Mr. Que, Tuesday, 25 March 2008 18:29 (eighteen years ago)

sometimes i just bully for sport you know if im bored or whatever

jhøshea, Tuesday, 25 March 2008 18:31 (eighteen years ago)

or you could try having a personality instead of just a list of things you consume

-- n/a, Tuesday, March 25, 2008 6:27 PM (6 minutes ago) Bookmark Link

how would you suggest we go about doing that?

s1ocki, Tuesday, 25 March 2008 18:34 (eighteen years ago)

I stopped doing this after an incident with a William Burroughs album (the colab with Disposable Heroes of Hip-Hoprescy). One guy just flat out said "Man, I just don't care about this...". Another guy spent the next few days calling me "Spare Ass Annie" and cracking up with laughter.

snoball, Tuesday, 25 March 2008 18:36 (eighteen years ago)

or you could try having a personality instead of just a list of things you consume

or you could imagine that we engage w/ the world around us in ways that dont necc involve consumption

max, Tuesday, 25 March 2008 18:36 (eighteen years ago)

you can make your own art, but then talking about that is way worse and more boring than talking about other people's art!

xp

Jordan, Tuesday, 25 March 2008 18:37 (eighteen years ago)

i was mostly just kidding but also referencing the frustration i feel when 99 percent of the conversations i have with coworkers and friends revolve around tv shows or movies or music

n/a, Tuesday, 25 March 2008 18:39 (eighteen years ago)

but, like, what else would they revolve around? i mean 99% is high but music/movies/tv is a pretty important area of most ppls lives. and holy shit would i rather talk to people about lost than about their families.

max, Tuesday, 25 March 2008 18:40 (eighteen years ago)

I understand, but better all of that shit than sports.

Oilyrags, Tuesday, 25 March 2008 18:40 (eighteen years ago)

x-post

amen

latebloomer, Tuesday, 25 March 2008 18:40 (eighteen years ago)

lol i was just gonna say that if i didnt like sports id probably never have made a single guy friend in my life (this isnt literally true but sports + all of these other things make bonding way way easier, that doesnt mean i dont think n/a's point isnt a worthy one)

deeznuts, Tuesday, 25 March 2008 18:43 (eighteen years ago)

i don't mind it when there are real conversations about tv/movies/music, only when it's a replacement for actually talking about stuff (i.e. "have you seen that?" "yeah, that's good, have you seen this?").

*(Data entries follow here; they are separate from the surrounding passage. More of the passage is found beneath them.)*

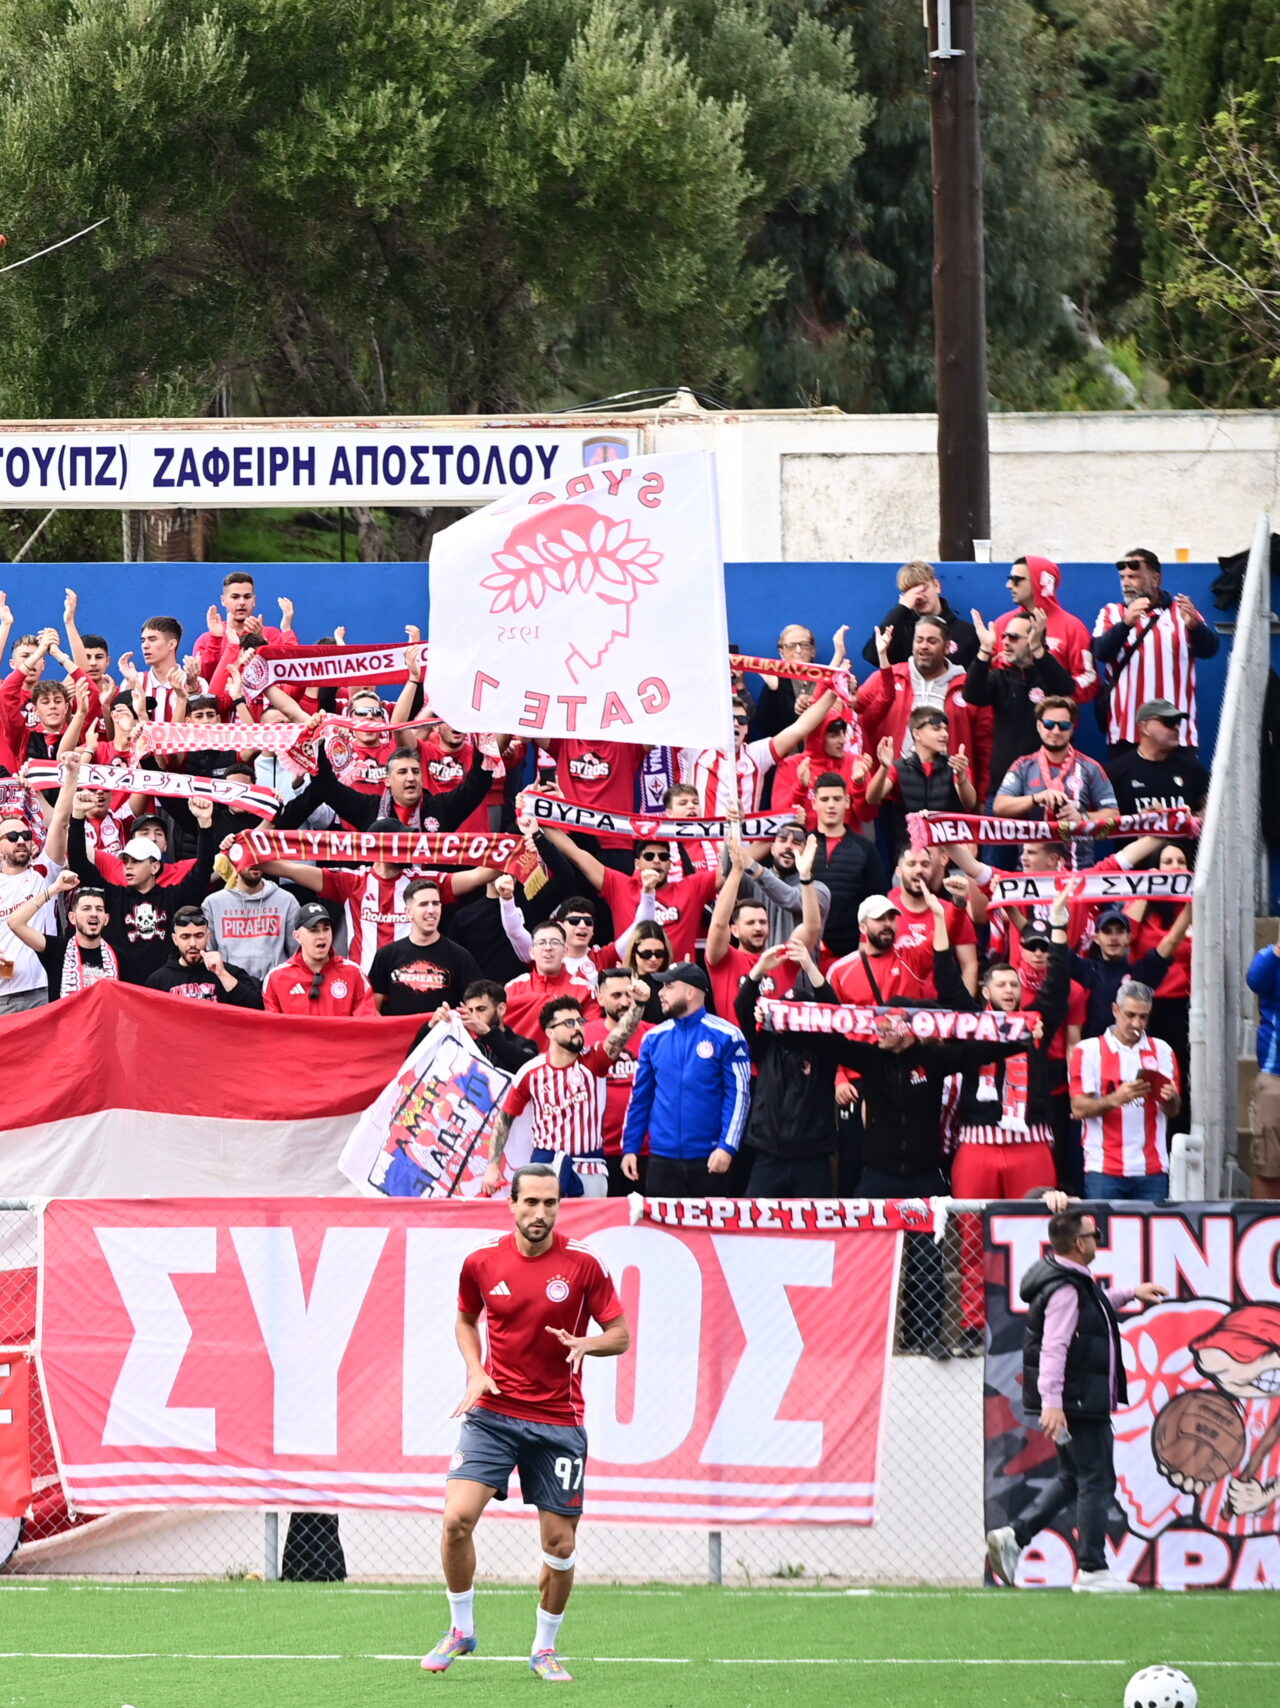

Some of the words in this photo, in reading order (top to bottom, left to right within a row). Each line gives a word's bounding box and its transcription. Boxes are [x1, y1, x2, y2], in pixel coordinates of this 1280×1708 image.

[153, 446, 316, 487] ΖΑΦΕΙΡΗ
[329, 444, 559, 486] ΑΠΟΣΤΟΛΟΥ
[273, 654, 395, 678] ΟΛΥΜΠΙΑΚΟΣ
[569, 759, 609, 777] SYROS
[534, 798, 616, 831] ΘΥΡΑ
[251, 830, 516, 863] OLYMPIACOS
[929, 823, 974, 844] ΝΕΑ
[978, 820, 1053, 842] ΛΙΟΣΙΑ
[999, 878, 1040, 899] ΡΑ
[1101, 873, 1193, 896] ΣΥΡΟ
[222, 919, 277, 936] PIRAEUS
[362, 908, 411, 924] Stoixima
[770, 1002, 875, 1034] ΤΗΝΟΣ
[911, 1011, 1002, 1042] ΘΥΡΑ
[647, 1197, 888, 1230] ΠΕΡΙΣΤΕΡΙ
[554, 1457, 584, 1491] 97

Jordan, Tuesday, 25 March 2008 18:43 (eighteen years ago)

i dont think something like that could ever come close to an actual conversation tho, i get this is yr point but my point is that some kind of debate or justification becomes necessary

deeznuts, Tuesday, 25 March 2008 18:45 (eighteen years ago)

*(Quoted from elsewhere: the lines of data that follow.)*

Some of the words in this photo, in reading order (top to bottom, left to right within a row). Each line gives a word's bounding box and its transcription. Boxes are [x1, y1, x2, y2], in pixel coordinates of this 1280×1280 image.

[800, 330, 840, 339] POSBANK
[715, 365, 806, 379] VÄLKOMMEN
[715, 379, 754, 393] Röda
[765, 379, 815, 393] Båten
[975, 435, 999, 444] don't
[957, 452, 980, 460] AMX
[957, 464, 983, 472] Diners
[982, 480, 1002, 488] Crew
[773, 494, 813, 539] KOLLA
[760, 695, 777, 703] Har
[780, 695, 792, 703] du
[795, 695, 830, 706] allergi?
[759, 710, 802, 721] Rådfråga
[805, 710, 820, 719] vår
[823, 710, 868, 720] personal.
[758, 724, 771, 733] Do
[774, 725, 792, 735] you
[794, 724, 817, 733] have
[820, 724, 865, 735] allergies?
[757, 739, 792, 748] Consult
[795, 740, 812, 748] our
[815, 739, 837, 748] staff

I think one of the biggest upsides to being a critic and/or keeping a blog is that I can just talk about the music or movies I'm interested in until I'm blue in the face, without actually bugging anyone I know about it, unless they're actually interested and want to read it and respond or engage me in a conversation about it. Now and then I do get all "you gotta see/hear this" to someone if I know their taste pretty well and find something I think is right up their alley, but really I've never been into the hard sell except maybe in high school/middle school when almost everyone is kinda like that.

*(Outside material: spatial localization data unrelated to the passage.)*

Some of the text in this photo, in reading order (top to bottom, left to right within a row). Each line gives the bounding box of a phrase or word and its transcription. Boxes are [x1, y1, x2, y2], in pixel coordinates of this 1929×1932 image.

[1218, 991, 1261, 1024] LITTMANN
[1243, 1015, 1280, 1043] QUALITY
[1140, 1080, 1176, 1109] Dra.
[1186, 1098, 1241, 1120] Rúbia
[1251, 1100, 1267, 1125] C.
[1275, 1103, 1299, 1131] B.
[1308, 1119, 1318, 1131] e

Alex in Baltimore, Tuesday, 25 March 2008 18:48 (eighteen years ago)

tbh i get sort of annoyed when people try to talk to me about lame tv shows

omar little, Tuesday, 25 March 2008 18:49 (eighteen years ago)

/morbius

Jordan, Tuesday, 25 March 2008 18:50 (eighteen years ago)

i don't mind it when there are real conversations about tv/movies/music, only when it's a replacement for actually talking about stuff

I think this is generally OTM, but at the same time there are plenty of people with whom I don't want to engage in serious conversations, and having something trivial in common is the only hope of having something to say. (For those who know me, yes my family is on the list of People I Don't Want to Have Conversations With.)

Sara R-C, Tuesday, 25 March 2008 18:51 (eighteen years ago)

if i was morbius i wouldn't have said "lame"

omar little, Tuesday, 25 March 2008 18:51 (eighteen years ago)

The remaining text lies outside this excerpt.